GIVEN INFORMATION ->
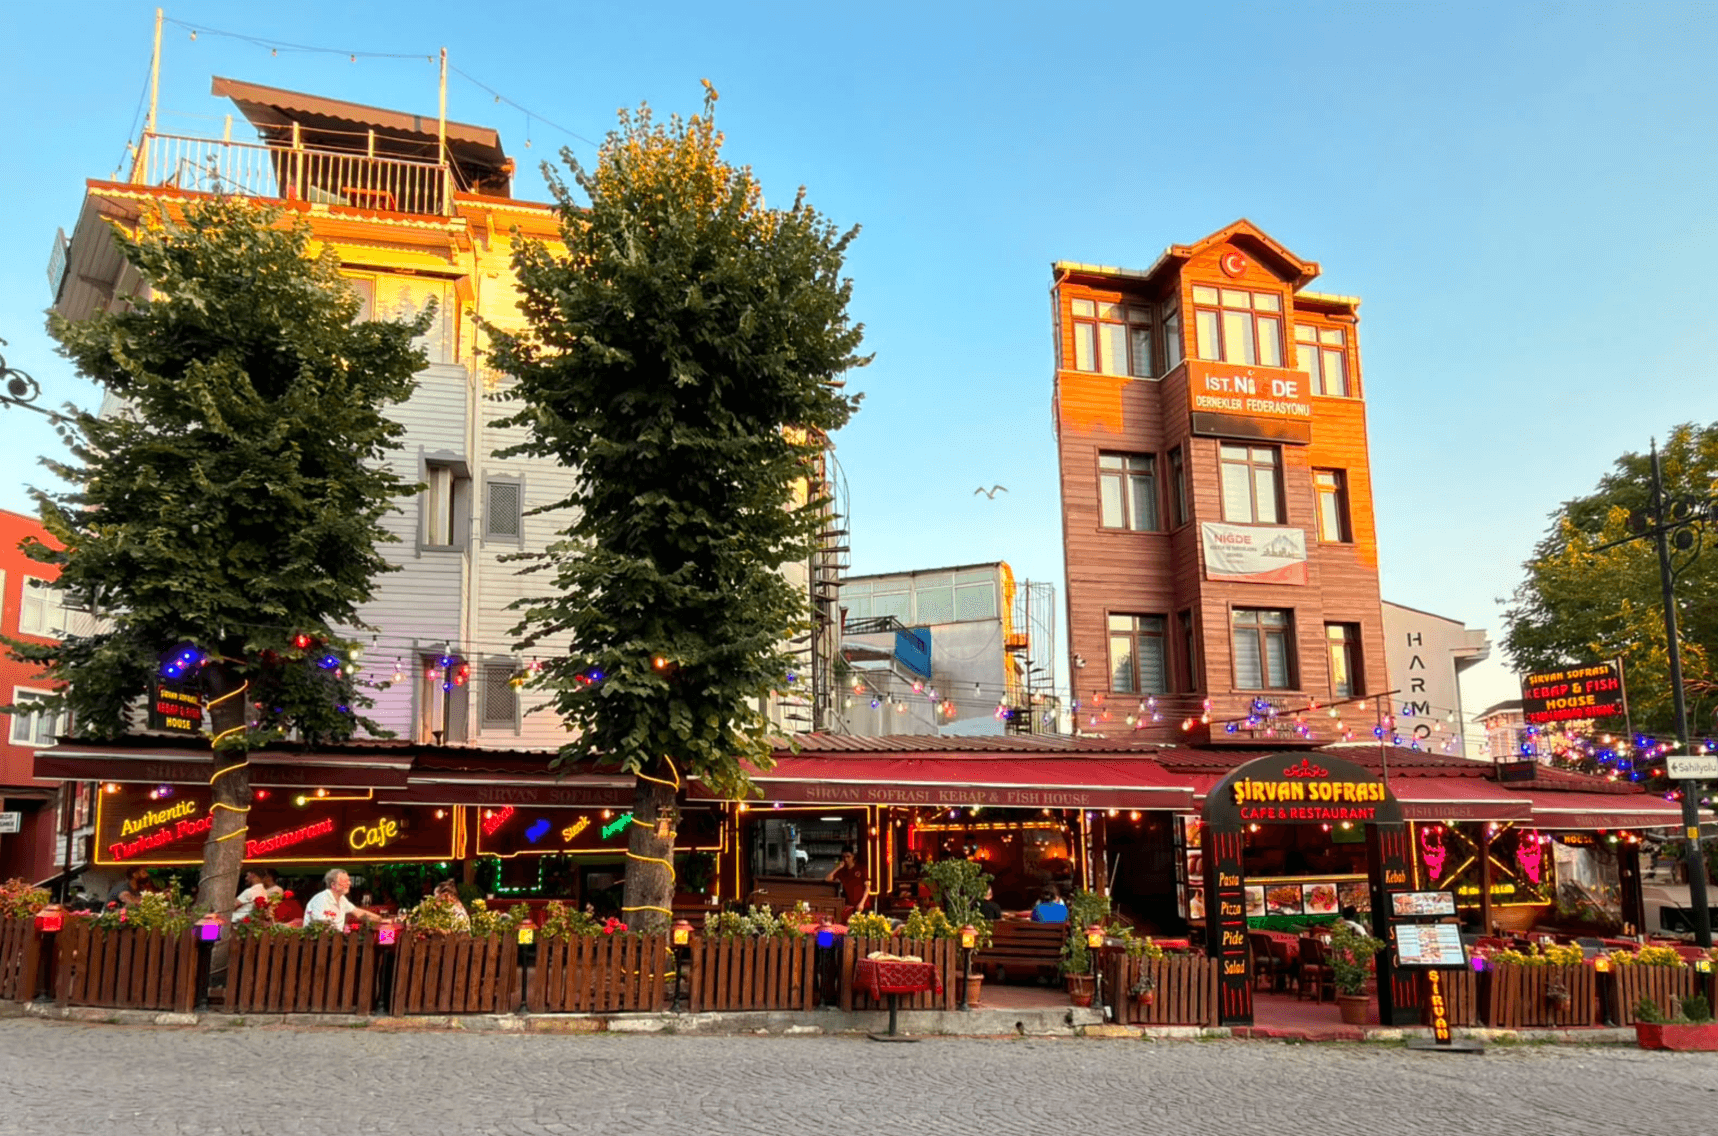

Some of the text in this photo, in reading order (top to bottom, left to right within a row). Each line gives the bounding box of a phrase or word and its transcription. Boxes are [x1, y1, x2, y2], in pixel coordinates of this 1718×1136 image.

[1196, 395, 1310, 416] DERNEKLER FEDERASYONU
[1566, 665, 1609, 679] SOFRASI
[1407, 632, 1431, 752] HARMO
[1524, 678, 1619, 699] KEBAP & FISH
[1545, 694, 1596, 710] HOUSE
[166, 716, 191, 730] HOUSE
[1678, 762, 1717, 774] Sahilyolu
[868, 789, 930, 801] SOFRASI
[939, 790, 986, 801] KEBAP
[989, 791, 998, 802] &
[1043, 792, 1090, 805] HOUSE
[1308, 782, 1385, 802] SOFRASI
[120, 800, 196, 837] Authentic
[1240, 807, 1375, 819] CAFE & RESTAURANT
[245, 818, 333, 858] Restaurant
[350, 817, 398, 849] Cafe
[1219, 871, 1240, 887] Pasta
[1221, 901, 1241, 916] Pizza
[1222, 930, 1244, 946] Pide
[1224, 960, 1245, 975] Salad

ABOUT THIS EXERCISE -> All entries need to be duplicated exactly, apart from the images.

EXPECTED ANSWER ->
Some of the text in this photo, in reading order (top to bottom, left to right within a row). Each line gives the bounding box of a phrase or word and its transcription. Boxes are [x1, y1, x2, y2], in pixel coordinates of this 1718×1136 image.

[1196, 395, 1310, 416] DERNEKLER FEDERASYONU
[1566, 665, 1609, 679] SOFRASI
[1407, 632, 1431, 752] HARMO
[1524, 678, 1619, 699] KEBAP & FISH
[1545, 694, 1596, 710] HOUSE
[166, 716, 191, 730] HOUSE
[1678, 762, 1717, 774] Sahilyolu
[868, 789, 930, 801] SOFRASI
[939, 790, 986, 801] KEBAP
[989, 791, 998, 802] &
[1043, 792, 1090, 805] HOUSE
[1308, 782, 1385, 802] SOFRASI
[120, 800, 196, 837] Authentic
[1240, 807, 1375, 819] CAFE & RESTAURANT
[245, 818, 333, 858] Restaurant
[350, 817, 398, 849] Cafe
[1219, 871, 1240, 887] Pasta
[1221, 901, 1241, 916] Pizza
[1222, 930, 1244, 946] Pide
[1224, 960, 1245, 975] Salad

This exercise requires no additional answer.